Stress incontinence, is the most common type of incontinence and accounts for roughly 75% of all urinary incontinence. It can occur in any stage throughout a women's life: college, university, pregnancy, following childbirth, and on into menopause. This condition results from a weakening of the pelvic supportive structures for the bladder, bladder neck, and urethra which can be caused by pregnancy, childbirth, obesity, and prior pelvic surgery.
The mainstay of treatment for significant stress urinary incontinence is surgery.
Operations to correct Stress Incontinence have traditionally involved major abdominal surgery, under general anaesthetic and a recovery of five days in hospital and a total of six weeks in all. Over the last several years, slings (mid-urethral tape procedures) have taken the forefront as the first-line surgical correction of stress urinary incontinence.
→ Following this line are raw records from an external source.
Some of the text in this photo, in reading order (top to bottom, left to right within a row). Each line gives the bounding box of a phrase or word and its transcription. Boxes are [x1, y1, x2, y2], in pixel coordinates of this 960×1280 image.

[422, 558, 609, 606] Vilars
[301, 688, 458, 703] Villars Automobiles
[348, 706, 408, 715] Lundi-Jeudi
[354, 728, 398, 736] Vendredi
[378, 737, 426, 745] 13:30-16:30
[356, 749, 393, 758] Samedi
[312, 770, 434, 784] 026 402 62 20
An example of this is the Tension-free Vaginal Tape which is a product which is inserted using small incisions in the lower abdomen or upper thigh and the front wall of the vagina. The tape is placed so that it supports and stabilises the urethra. The whole procedure takes about 30 minutes.
A special bladder investigation called urodynamics needs to be undertaken beforehand so that the diagnosis is confirmed prior to the TVT procedure.
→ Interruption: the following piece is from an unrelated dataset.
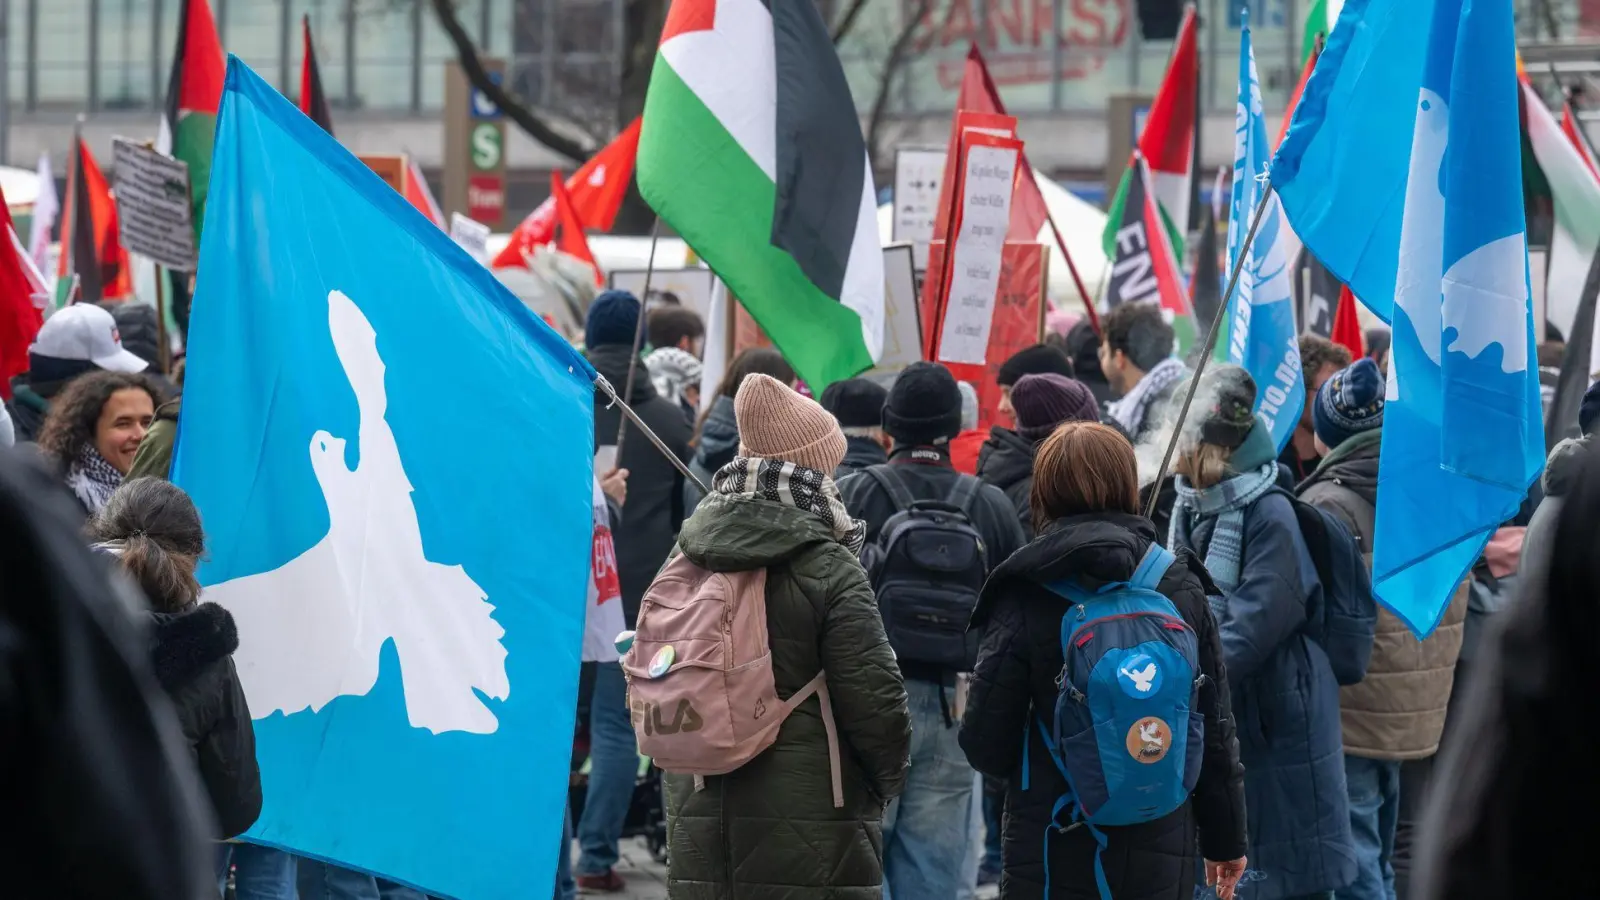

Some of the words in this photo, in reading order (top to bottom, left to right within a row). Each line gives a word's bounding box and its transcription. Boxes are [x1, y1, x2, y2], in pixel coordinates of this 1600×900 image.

[473, 124, 501, 168] S
[911, 450, 940, 461] Canon
[630, 698, 704, 737] FILA
Less invasive surgeries for stress incontinence include peri-urethral bulking agents which unfortunately require multiple injections and the results may last from 1-5 years.
Patients with overactive bladders usually present with symptoms of urgency, frequency, and urge incontinence. Unlike women with simple stress incontinence whose urine loss is associated with strenuous activities that can be avoided or prepared for, women with an overactive bladder never knows when the incontinence will strike. Coughing, the sound of running water or hand/dish washing may trigger the urge incontinence. The causes of overactive bladder are many. An infection can irritate the bladder lining resulting in overactive bladder, the nerves that normally control the bladder can be overactive, and in a large majority of cases, the cause is unclear.
As with stress incontinence, behavioural therapy is the first-line of treatment, and when behavioural methods alone are unsuccessful, medication may be added. Although none of these medications are 100% successful in eliminating sign and symptoms of overactive bladder, they can provide substantial improvement.